### Aim of the exercise:
Would you copy the records exactly, leaving the pictures out?

### Supplied material:
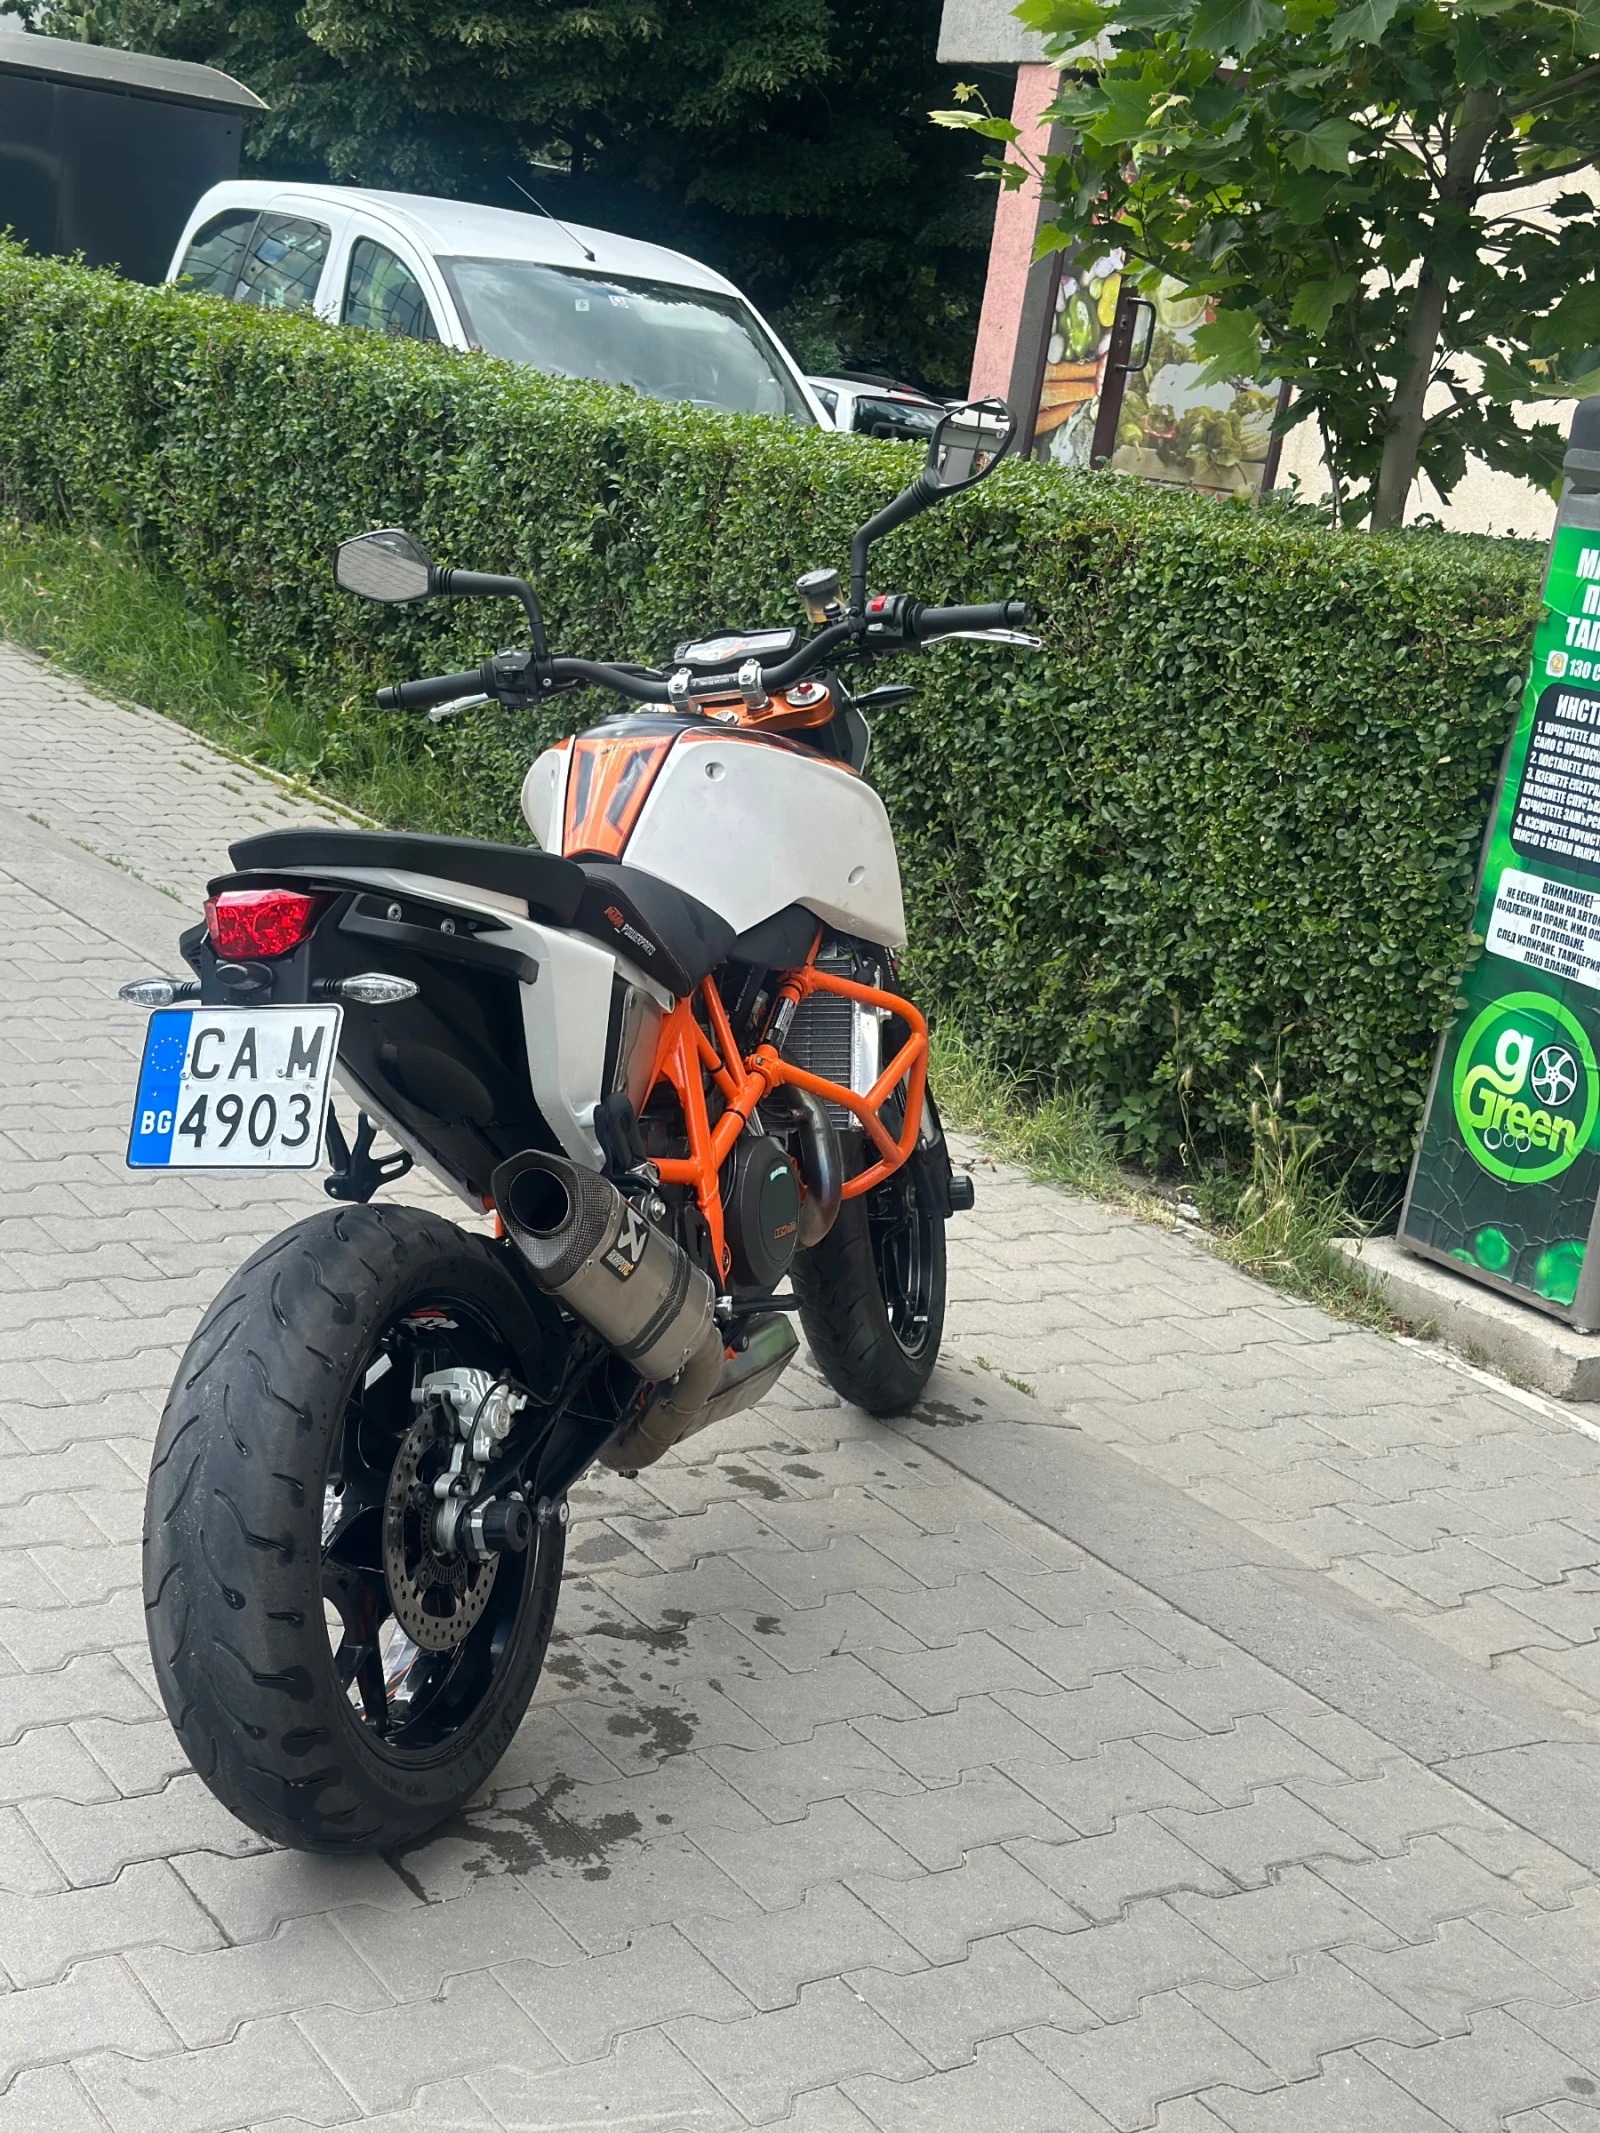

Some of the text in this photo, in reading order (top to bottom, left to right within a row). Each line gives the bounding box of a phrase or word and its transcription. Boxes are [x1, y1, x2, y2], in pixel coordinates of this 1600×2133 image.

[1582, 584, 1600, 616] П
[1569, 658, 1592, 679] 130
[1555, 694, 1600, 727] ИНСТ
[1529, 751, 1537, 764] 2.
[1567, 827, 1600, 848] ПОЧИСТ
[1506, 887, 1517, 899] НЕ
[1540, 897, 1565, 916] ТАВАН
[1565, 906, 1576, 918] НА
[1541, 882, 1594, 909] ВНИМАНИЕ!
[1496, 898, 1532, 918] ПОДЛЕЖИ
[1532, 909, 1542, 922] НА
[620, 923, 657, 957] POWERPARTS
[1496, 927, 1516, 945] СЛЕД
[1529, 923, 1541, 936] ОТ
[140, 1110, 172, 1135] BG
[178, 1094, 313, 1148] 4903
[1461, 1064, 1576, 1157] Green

### Solution below:
Some of the text in this photo, in reading order (top to bottom, left to right within a row). Each line gives the bounding box of a phrase or word and its transcription. Boxes are [x1, y1, x2, y2], in pixel coordinates of this 1600×2133 image.

[1582, 584, 1600, 616] П
[1569, 658, 1592, 679] 130
[1555, 694, 1600, 727] ИНСТ
[1529, 751, 1537, 764] 2.
[1567, 827, 1600, 848] ПОЧИСТ
[1506, 887, 1517, 899] НЕ
[1540, 897, 1565, 916] ТАВАН
[1565, 906, 1576, 918] НА
[1541, 882, 1594, 909] ВНИМАНИЕ!
[1496, 898, 1532, 918] ПОДЛЕЖИ
[1532, 909, 1542, 922] НА
[620, 923, 657, 957] POWERPARTS
[1496, 927, 1516, 945] СЛЕД
[1529, 923, 1541, 936] ОТ
[140, 1110, 172, 1135] BG
[178, 1094, 313, 1148] 4903
[1461, 1064, 1576, 1157] Green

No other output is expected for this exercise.